Psychologists Talk of Emotional ‘Scars’
The American Red Cross will respond to the psychological impact of yesterday's terrorist attacks by "mobilizing mental health experts to help not only the families of victims, but everyone who was rattled by the attacks," USA Today reports. According to USA Today, the Red Cross continues to assist some of the 10,000 people that it helped after the Oklahoma City Bombing in coping psychologically with that tragedy (Davis, USA Today, 9/12). The Tallahassee Democrat reports that many psychologists say it will be difficult for adults and children to "come to grips" with the attacks. Kate Kerr, a Tallahassee psychologist, said, "I think there will be some anger, fear and a sense of helplessness. Some people may become more depressed if they were already depressed anyway" (Jordan, Tallahassee Democrat, 9/12). USA Today reports that many officials involved in coordinating the response to the attacks have also been impacted. Darren Irby with the American Red Cross said, "These are the coffee-drinking, chain-smoking, ambulance-chasing, hard-core disaster folks. The fact that it's getting to them says something."

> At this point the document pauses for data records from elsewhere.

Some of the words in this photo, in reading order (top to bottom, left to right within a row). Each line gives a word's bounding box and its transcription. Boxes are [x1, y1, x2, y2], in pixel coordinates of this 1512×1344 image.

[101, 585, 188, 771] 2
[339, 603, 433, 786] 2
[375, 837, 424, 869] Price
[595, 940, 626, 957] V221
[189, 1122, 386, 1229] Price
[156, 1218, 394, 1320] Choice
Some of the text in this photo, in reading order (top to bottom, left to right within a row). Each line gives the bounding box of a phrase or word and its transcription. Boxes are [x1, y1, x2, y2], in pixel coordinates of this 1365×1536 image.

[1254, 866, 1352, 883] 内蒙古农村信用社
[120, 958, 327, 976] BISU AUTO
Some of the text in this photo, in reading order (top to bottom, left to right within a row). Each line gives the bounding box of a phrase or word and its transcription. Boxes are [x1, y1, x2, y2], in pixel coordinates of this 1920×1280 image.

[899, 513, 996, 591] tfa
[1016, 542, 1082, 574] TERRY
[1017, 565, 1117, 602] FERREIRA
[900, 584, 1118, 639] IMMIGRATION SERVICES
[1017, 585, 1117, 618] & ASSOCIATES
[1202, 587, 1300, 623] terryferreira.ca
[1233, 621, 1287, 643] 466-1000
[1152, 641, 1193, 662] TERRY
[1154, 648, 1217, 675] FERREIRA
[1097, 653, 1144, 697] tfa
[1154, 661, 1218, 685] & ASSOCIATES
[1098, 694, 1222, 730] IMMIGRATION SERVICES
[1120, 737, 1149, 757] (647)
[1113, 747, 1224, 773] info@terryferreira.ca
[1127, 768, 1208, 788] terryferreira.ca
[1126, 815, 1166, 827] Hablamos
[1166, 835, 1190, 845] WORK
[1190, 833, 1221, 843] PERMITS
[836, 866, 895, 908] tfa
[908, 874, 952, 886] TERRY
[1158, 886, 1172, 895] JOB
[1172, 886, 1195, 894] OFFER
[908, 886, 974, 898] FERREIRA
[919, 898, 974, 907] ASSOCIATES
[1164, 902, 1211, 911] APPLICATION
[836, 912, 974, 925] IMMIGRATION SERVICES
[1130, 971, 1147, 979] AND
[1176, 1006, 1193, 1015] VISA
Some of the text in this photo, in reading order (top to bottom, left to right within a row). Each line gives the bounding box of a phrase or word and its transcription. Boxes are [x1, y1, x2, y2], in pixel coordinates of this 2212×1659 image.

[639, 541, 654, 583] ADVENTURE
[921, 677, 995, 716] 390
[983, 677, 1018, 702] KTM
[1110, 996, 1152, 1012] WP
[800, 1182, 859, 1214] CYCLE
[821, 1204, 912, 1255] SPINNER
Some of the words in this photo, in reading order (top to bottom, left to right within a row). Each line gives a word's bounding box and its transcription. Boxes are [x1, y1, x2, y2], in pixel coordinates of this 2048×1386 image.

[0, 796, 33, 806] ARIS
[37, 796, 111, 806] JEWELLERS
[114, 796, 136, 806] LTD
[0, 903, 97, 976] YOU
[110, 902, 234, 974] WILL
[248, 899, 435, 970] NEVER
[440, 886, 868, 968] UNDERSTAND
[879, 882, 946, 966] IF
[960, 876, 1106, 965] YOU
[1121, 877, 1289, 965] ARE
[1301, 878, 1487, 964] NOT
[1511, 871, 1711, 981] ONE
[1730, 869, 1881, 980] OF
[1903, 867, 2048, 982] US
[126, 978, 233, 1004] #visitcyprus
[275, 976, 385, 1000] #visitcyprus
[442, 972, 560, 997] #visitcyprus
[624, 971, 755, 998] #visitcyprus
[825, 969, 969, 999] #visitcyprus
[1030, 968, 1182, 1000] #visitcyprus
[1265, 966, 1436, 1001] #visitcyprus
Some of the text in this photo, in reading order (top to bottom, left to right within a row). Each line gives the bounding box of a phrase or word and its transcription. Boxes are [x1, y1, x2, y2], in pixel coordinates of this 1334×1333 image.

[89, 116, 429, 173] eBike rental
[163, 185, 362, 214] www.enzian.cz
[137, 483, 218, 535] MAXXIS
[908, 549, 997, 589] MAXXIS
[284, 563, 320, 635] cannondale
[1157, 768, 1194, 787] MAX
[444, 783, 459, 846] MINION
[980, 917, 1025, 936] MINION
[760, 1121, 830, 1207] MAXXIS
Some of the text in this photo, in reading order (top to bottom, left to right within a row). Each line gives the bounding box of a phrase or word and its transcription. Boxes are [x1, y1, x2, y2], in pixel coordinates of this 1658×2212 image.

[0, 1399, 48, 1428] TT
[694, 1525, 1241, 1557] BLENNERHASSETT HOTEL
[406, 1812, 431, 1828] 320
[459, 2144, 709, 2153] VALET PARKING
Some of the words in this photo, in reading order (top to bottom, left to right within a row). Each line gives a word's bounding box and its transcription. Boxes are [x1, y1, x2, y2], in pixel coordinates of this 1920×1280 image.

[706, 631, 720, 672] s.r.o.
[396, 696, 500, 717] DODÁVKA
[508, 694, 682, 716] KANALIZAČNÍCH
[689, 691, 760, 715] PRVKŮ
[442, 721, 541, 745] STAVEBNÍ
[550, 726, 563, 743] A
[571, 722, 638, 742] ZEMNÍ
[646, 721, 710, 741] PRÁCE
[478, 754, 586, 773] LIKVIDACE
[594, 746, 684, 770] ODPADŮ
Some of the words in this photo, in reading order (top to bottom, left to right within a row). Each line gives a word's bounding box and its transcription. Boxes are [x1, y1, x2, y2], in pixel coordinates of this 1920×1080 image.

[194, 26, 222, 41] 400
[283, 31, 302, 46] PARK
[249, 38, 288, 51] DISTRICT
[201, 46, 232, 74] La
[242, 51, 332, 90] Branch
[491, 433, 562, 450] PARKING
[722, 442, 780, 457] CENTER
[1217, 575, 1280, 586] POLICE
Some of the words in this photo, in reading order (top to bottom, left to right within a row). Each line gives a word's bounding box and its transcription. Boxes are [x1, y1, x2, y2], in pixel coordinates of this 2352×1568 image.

Some of the "tips" that the Red Cross offer Americans for dealing with the attack include:
- Avoid media coverage;
- Ask for help and talk about feelings;
- Return to "usual" routines; and
- Do something to help others.
While the Red Cross says that repeatedly viewing news footage of the attacks can "slow" the ability to cope with the stress, the American Psychiatric Association recommends that people "stay informed" of any new developments or information. The APA also suggests that people avoid "heavily populated areas" and act on "facts, not fear or speculation" (USA Today, 9/12). To help children during times of "crisis," the American Academy of Pediatrics says that it is "critical" that parents talk about the attack with their children and "assure" the everything is being done to keep them safe. The AAP also says that adults should also "stress" that terrorist acts are not about politics and religion, and that "lashing out" at religious or ethnic groups will only cause "more harm" (AAP release, 9/12).